Born On This Day, 1880: Carl Van Vechten

Jim Burroway

June 17th, 2016

Carl Van Vechten, self-portrait, 1934.

(d. 1964) A writer and a photographer, Carl Van Vechten was fascinated with African-American culture and became a patron on the Harlem Renaissance. In 1926, he published his controversial 1926 novel Nigger Heaven, which portrayed the intellectuals, political activists, workers, and others who inhabited the “great black walled city” of Harlem. The book by a white author split Harlem down the middle: Langston Hughes was among the book’s fans and defenders (Hughes even wrote new poems to replace the songs used in the book’s first printing), while W. E. B. Du Bois and Alain Locke condemned it as an “affront to the hospitality of black folks.”

The question of whether a white man could truly know the Black experience lies at the very heart of the controversy surrounding Van Vechten’s life. Some of Van Vechten’s affinity for African-Americans can be traced to his wealthy family while growing up in Cedar Rapids, Iowa. His father endowed a school for African-American children, and he instructed his sons to always address the family’s employees with “Mr.” and “Mrs.”, regardless of their race. After graduating from the University of Chicago, he moved to New York to become the music and dance critic for The New York Times. In 1913, he took a year-long trip to Europe where he met Gertrude Stein and helped to get her work published.

In the 1920s, he began publishing novels himself, many of which containing sly and witty references to homosexuality. His 1923 novel, The Blind Bow-Boy includes a character he called “the Duke of Middlebottom,” whose stationery sported the slogan, “A thing of beauty is a boy forever.” It was about this time that Van Vechten emerged as a notable advocate for Black culture, writing articles in Vanity Fair celebrating the music of the Harlem Renaissance — the blues, jazz and spirituals which he said were the only authentic American musical forms. He also promoted writers of “the New Negro movement”: Alain Locke, Langston Hughes, Wallace Thurman, among others. In the 1930, Van Vechten took up photography and became known for his portraits of some of the leading artists of the day, including Langston Hughes, Marian Anderson, Pearl Bailey, Josephine Baker, Marlon Brando, Truman Capote, Ella Fitzgerald, Billie Holiday, Lena Horne, Mahalia Jackson — the list is nearly endless.

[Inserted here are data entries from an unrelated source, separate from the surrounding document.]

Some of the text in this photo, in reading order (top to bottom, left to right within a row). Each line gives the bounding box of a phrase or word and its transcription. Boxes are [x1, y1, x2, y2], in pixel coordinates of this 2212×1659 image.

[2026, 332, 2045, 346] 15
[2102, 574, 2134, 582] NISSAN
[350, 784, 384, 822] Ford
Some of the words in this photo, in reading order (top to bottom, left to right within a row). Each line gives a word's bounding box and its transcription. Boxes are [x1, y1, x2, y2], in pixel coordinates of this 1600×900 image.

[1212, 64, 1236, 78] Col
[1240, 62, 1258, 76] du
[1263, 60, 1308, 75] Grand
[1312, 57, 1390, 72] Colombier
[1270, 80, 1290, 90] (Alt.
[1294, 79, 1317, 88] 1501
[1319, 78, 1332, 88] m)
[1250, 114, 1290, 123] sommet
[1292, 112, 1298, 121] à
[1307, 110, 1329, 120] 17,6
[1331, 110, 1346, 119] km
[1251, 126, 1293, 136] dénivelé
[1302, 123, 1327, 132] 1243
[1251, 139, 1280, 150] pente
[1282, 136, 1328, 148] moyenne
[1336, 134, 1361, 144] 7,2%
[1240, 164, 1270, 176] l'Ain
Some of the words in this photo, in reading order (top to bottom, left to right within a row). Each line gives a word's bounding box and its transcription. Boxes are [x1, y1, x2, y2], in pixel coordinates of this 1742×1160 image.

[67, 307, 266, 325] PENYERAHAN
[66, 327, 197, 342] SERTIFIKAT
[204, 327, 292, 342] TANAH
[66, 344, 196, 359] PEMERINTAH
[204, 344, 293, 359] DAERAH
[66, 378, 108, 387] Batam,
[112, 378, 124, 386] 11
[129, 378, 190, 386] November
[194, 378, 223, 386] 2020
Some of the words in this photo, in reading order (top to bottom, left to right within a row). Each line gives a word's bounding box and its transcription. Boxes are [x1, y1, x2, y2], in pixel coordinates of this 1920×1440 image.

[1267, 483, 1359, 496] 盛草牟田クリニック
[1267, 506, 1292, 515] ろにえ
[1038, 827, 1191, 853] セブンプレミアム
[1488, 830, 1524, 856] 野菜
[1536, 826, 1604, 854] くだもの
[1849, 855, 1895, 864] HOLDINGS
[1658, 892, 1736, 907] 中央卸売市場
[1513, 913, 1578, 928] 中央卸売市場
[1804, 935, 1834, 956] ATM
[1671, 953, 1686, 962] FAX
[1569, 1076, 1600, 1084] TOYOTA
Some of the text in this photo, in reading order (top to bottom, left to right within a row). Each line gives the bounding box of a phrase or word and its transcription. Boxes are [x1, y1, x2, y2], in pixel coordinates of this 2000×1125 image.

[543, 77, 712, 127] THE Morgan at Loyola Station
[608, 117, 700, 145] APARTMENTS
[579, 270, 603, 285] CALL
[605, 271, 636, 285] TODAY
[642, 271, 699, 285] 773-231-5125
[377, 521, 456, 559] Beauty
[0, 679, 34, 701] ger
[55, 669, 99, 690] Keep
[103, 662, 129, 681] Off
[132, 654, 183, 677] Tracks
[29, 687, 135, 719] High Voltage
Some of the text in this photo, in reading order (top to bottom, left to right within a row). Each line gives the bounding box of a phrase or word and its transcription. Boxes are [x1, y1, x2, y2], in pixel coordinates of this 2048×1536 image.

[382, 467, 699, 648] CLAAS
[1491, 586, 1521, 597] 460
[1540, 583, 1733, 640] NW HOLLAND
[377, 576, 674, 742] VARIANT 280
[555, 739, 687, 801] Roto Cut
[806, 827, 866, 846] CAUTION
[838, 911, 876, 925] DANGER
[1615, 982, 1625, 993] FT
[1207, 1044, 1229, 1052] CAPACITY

Although Van Vechten had married the Russian-born actress Fania Marinoff in 1914, Van Vechten was gay. This was evident when his papers were unsealed twenty-five years after his death in 1964:

As the 25-year mark drew near, scholars assumed they were about to unveil Van Vechten’s diaries. “They said, ‘Of course, this is going to be exciting, and let’s open those journals and have a party,’ and the curator said, ‘Well, I don’t think so…’ It was a good instinct.” The few people who did attend the 1989 opening, including Willis, were shocked by what they found: 18 scrapbooks of graphic homoeroticism, full of mischief and devoid of explanation.

…Van Vechten collected newspaper clippings chronicling Harlem drag balls, early sex-change operations (“GI Who Turned Woman is a Happy Beauty”), court cases for “morals charges,” and abuse incidents. He assembled more restrained, if still theatrical, black and white photographs of male nudes, both Caucasian and African American, which most scholars think are mostly or entirely the work of Van Vechten. Nothing escaped him: Photos of ambiguously homoerotic Greek vases, labeled in childishly rounded handwriting, nestled against newspaper cutouts of male wrestlers locked in combat.

Emily Bernard’s 2012 biography, Carl Van Vechten and the Harlem Renaissance: A Portrait in Black and White, explores the contentious racial and sexual intersections between the multiple worlds that Van Vechten inhabited and chronicled.